**Task statement:** Return every record exactly as it appears. Leave nothing out.
Segment Start: Task material
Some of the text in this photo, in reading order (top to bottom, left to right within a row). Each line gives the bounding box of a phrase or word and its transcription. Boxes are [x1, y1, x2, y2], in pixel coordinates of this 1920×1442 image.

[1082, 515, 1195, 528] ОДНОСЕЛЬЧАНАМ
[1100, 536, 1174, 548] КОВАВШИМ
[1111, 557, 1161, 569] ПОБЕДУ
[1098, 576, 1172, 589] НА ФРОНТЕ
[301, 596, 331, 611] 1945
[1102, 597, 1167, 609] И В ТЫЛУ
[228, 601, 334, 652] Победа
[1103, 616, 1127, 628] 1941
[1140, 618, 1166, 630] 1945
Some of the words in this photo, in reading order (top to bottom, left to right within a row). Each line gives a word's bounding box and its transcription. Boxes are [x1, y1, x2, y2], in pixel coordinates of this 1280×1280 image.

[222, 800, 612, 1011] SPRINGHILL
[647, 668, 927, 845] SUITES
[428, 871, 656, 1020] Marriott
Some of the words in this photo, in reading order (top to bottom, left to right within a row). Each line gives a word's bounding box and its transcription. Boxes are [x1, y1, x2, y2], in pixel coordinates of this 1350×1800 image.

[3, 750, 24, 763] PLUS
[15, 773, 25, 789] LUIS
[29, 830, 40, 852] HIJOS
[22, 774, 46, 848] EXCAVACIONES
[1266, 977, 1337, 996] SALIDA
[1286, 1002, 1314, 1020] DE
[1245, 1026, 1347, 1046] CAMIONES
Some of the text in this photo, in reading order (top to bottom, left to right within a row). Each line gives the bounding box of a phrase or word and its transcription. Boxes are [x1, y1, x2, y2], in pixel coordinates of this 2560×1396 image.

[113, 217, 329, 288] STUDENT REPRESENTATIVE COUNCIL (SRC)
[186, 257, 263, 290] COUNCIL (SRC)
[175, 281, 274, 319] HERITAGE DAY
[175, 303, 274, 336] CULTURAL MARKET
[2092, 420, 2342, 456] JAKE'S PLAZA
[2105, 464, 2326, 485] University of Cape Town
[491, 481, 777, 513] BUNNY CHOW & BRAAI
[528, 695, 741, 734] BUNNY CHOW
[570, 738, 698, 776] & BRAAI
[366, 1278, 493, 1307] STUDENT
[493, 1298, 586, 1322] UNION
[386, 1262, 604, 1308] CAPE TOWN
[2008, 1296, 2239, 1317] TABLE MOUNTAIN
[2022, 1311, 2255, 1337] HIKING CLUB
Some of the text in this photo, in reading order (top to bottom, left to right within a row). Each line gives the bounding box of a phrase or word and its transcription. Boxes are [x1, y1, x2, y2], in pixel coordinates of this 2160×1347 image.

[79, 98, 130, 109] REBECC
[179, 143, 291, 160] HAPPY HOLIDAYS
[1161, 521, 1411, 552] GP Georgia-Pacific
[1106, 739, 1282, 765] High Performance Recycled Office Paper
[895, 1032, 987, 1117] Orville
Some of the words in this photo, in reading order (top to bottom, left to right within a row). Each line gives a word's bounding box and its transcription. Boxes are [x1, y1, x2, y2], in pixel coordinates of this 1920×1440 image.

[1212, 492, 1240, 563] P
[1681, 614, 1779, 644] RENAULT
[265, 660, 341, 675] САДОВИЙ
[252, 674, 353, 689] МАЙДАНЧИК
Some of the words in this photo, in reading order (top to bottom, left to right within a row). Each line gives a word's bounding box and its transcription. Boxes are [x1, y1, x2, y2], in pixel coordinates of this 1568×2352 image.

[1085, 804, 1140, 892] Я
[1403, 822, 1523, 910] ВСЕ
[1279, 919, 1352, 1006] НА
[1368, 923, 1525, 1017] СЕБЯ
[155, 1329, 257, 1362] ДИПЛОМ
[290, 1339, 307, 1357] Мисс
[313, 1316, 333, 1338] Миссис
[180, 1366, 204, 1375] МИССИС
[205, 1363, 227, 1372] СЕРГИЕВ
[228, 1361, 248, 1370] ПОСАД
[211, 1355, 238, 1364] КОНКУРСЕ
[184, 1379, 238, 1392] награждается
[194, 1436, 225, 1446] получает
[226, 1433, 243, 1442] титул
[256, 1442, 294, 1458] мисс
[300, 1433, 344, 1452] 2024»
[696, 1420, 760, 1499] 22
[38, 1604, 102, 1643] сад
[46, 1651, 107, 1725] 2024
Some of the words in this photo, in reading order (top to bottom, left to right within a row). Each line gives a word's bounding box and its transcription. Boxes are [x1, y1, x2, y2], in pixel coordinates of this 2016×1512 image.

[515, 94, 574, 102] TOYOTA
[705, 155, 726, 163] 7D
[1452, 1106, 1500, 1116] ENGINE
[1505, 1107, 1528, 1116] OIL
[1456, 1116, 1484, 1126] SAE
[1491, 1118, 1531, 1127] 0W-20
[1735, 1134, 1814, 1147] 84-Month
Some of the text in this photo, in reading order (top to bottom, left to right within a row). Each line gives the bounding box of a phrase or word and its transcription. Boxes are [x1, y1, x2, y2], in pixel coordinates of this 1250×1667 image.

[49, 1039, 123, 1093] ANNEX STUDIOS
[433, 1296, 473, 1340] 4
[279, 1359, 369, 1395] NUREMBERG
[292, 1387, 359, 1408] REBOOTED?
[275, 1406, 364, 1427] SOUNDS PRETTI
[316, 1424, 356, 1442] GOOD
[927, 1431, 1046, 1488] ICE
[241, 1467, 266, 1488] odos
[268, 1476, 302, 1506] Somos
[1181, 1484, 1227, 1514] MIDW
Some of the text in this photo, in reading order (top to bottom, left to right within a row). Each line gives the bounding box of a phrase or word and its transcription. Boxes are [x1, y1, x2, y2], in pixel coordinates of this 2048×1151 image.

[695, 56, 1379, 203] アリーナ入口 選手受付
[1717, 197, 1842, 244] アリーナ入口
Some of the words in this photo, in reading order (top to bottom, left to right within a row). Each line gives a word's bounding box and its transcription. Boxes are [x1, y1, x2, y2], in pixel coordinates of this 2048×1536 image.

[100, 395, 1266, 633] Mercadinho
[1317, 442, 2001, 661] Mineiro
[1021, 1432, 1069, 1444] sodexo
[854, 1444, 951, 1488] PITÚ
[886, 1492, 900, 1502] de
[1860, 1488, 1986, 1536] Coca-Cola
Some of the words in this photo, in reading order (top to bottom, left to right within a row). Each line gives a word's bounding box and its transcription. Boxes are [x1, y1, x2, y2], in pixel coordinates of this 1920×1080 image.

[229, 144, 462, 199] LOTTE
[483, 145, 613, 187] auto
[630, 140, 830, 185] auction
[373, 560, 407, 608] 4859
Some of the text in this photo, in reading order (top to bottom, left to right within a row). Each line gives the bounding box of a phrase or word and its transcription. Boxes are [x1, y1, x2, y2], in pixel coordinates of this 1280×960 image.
Segment End: Task material
**Result for this task:**
Some of the text in this photo, in reading order (top to bottom, left to right within a row). Each line gives the bounding box of a phrase or word and its transcription. Boxes are [x1, y1, x2, y2], in pixel coordinates of this 1920×1442 image.

[1082, 515, 1195, 528] ОДНОСЕЛЬЧАНАМ
[1100, 536, 1174, 548] КОВАВШИМ
[1111, 557, 1161, 569] ПОБЕДУ
[1098, 576, 1172, 589] НА ФРОНТЕ
[301, 596, 331, 611] 1945
[1102, 597, 1167, 609] И В ТЫЛУ
[228, 601, 334, 652] Победа
[1103, 616, 1127, 628] 1941
[1140, 618, 1166, 630] 1945
Some of the words in this photo, in reading order (top to bottom, left to right within a row). Each line gives a word's bounding box and its transcription. Boxes are [x1, y1, x2, y2], in pixel coordinates of this 1280×1280 image.

[222, 800, 612, 1011] SPRINGHILL
[647, 668, 927, 845] SUITES
[428, 871, 656, 1020] Marriott
Some of the words in this photo, in reading order (top to bottom, left to right within a row). Each line gives a word's bounding box and its transcription. Boxes are [x1, y1, x2, y2], in pixel coordinates of this 1350×1800 image.

[3, 750, 24, 763] PLUS
[15, 773, 25, 789] LUIS
[29, 830, 40, 852] HIJOS
[22, 774, 46, 848] EXCAVACIONES
[1266, 977, 1337, 996] SALIDA
[1286, 1002, 1314, 1020] DE
[1245, 1026, 1347, 1046] CAMIONES
Some of the text in this photo, in reading order (top to bottom, left to right within a row). Each line gives the bounding box of a phrase or word and its transcription. Boxes are [x1, y1, x2, y2], in pixel coordinates of this 2560×1396 image.

[113, 217, 329, 288] STUDENT REPRESENTATIVE COUNCIL (SRC)
[186, 257, 263, 290] COUNCIL (SRC)
[175, 281, 274, 319] HERITAGE DAY
[175, 303, 274, 336] CULTURAL MARKET
[2092, 420, 2342, 456] JAKE'S PLAZA
[2105, 464, 2326, 485] University of Cape Town
[491, 481, 777, 513] BUNNY CHOW & BRAAI
[528, 695, 741, 734] BUNNY CHOW
[570, 738, 698, 776] & BRAAI
[366, 1278, 493, 1307] STUDENT
[493, 1298, 586, 1322] UNION
[386, 1262, 604, 1308] CAPE TOWN
[2008, 1296, 2239, 1317] TABLE MOUNTAIN
[2022, 1311, 2255, 1337] HIKING CLUB
Some of the text in this photo, in reading order (top to bottom, left to right within a row). Each line gives the bounding box of a phrase or word and its transcription. Boxes are [x1, y1, x2, y2], in pixel coordinates of this 2160×1347 image.

[79, 98, 130, 109] REBECC
[179, 143, 291, 160] HAPPY HOLIDAYS
[1161, 521, 1411, 552] GP Georgia-Pacific
[1106, 739, 1282, 765] High Performance Recycled Office Paper
[895, 1032, 987, 1117] Orville
Some of the words in this photo, in reading order (top to bottom, left to right within a row). Each line gives a word's bounding box and its transcription. Boxes are [x1, y1, x2, y2], in pixel coordinates of this 1920×1440 image.

[1212, 492, 1240, 563] P
[1681, 614, 1779, 644] RENAULT
[265, 660, 341, 675] САДОВИЙ
[252, 674, 353, 689] МАЙДАНЧИК
Some of the words in this photo, in reading order (top to bottom, left to right within a row). Each line gives a word's bounding box and its transcription. Boxes are [x1, y1, x2, y2], in pixel coordinates of this 1568×2352 image.

[1085, 804, 1140, 892] Я
[1403, 822, 1523, 910] ВСЕ
[1279, 919, 1352, 1006] НА
[1368, 923, 1525, 1017] СЕБЯ
[155, 1329, 257, 1362] ДИПЛОМ
[290, 1339, 307, 1357] Мисс
[313, 1316, 333, 1338] Миссис
[180, 1366, 204, 1375] МИССИС
[205, 1363, 227, 1372] СЕРГИЕВ
[228, 1361, 248, 1370] ПОСАД
[211, 1355, 238, 1364] КОНКУРСЕ
[184, 1379, 238, 1392] награждается
[194, 1436, 225, 1446] получает
[226, 1433, 243, 1442] титул
[256, 1442, 294, 1458] мисс
[300, 1433, 344, 1452] 2024»
[696, 1420, 760, 1499] 22
[38, 1604, 102, 1643] сад
[46, 1651, 107, 1725] 2024
Some of the words in this photo, in reading order (top to bottom, left to right within a row). Each line gives a word's bounding box and its transcription. Boxes are [x1, y1, x2, y2], in pixel coordinates of this 2016×1512 image.

[515, 94, 574, 102] TOYOTA
[705, 155, 726, 163] 7D
[1452, 1106, 1500, 1116] ENGINE
[1505, 1107, 1528, 1116] OIL
[1456, 1116, 1484, 1126] SAE
[1491, 1118, 1531, 1127] 0W-20
[1735, 1134, 1814, 1147] 84-Month
Some of the text in this photo, in reading order (top to bottom, left to right within a row). Each line gives the bounding box of a phrase or word and its transcription. Boxes are [x1, y1, x2, y2], in pixel coordinates of this 1250×1667 image.

[49, 1039, 123, 1093] ANNEX STUDIOS
[433, 1296, 473, 1340] 4
[279, 1359, 369, 1395] NUREMBERG
[292, 1387, 359, 1408] REBOOTED?
[275, 1406, 364, 1427] SOUNDS PRETTI
[316, 1424, 356, 1442] GOOD
[927, 1431, 1046, 1488] ICE
[241, 1467, 266, 1488] odos
[268, 1476, 302, 1506] Somos
[1181, 1484, 1227, 1514] MIDW
Some of the text in this photo, in reading order (top to bottom, left to right within a row). Each line gives the bounding box of a phrase or word and its transcription. Boxes are [x1, y1, x2, y2], in pixel coordinates of this 2048×1151 image.

[695, 56, 1379, 203] アリーナ入口 選手受付
[1717, 197, 1842, 244] アリーナ入口
Some of the words in this photo, in reading order (top to bottom, left to right within a row). Each line gives a word's bounding box and its transcription. Boxes are [x1, y1, x2, y2], in pixel coordinates of this 2048×1536 image.

[100, 395, 1266, 633] Mercadinho
[1317, 442, 2001, 661] Mineiro
[1021, 1432, 1069, 1444] sodexo
[854, 1444, 951, 1488] PITÚ
[886, 1492, 900, 1502] de
[1860, 1488, 1986, 1536] Coca-Cola
Some of the words in this photo, in reading order (top to bottom, left to right within a row). Each line gives a word's bounding box and its transcription. Boxes are [x1, y1, x2, y2], in pixel coordinates of this 1920×1080 image.

[229, 144, 462, 199] LOTTE
[483, 145, 613, 187] auto
[630, 140, 830, 185] auction
[373, 560, 407, 608] 4859
Some of the text in this photo, in reading order (top to bottom, left to right within a row). Each line gives the bounding box of a phrase or word and its transcription. Boxes are [x1, y1, x2, y2], in pixel coordinates of this 1280×960 image.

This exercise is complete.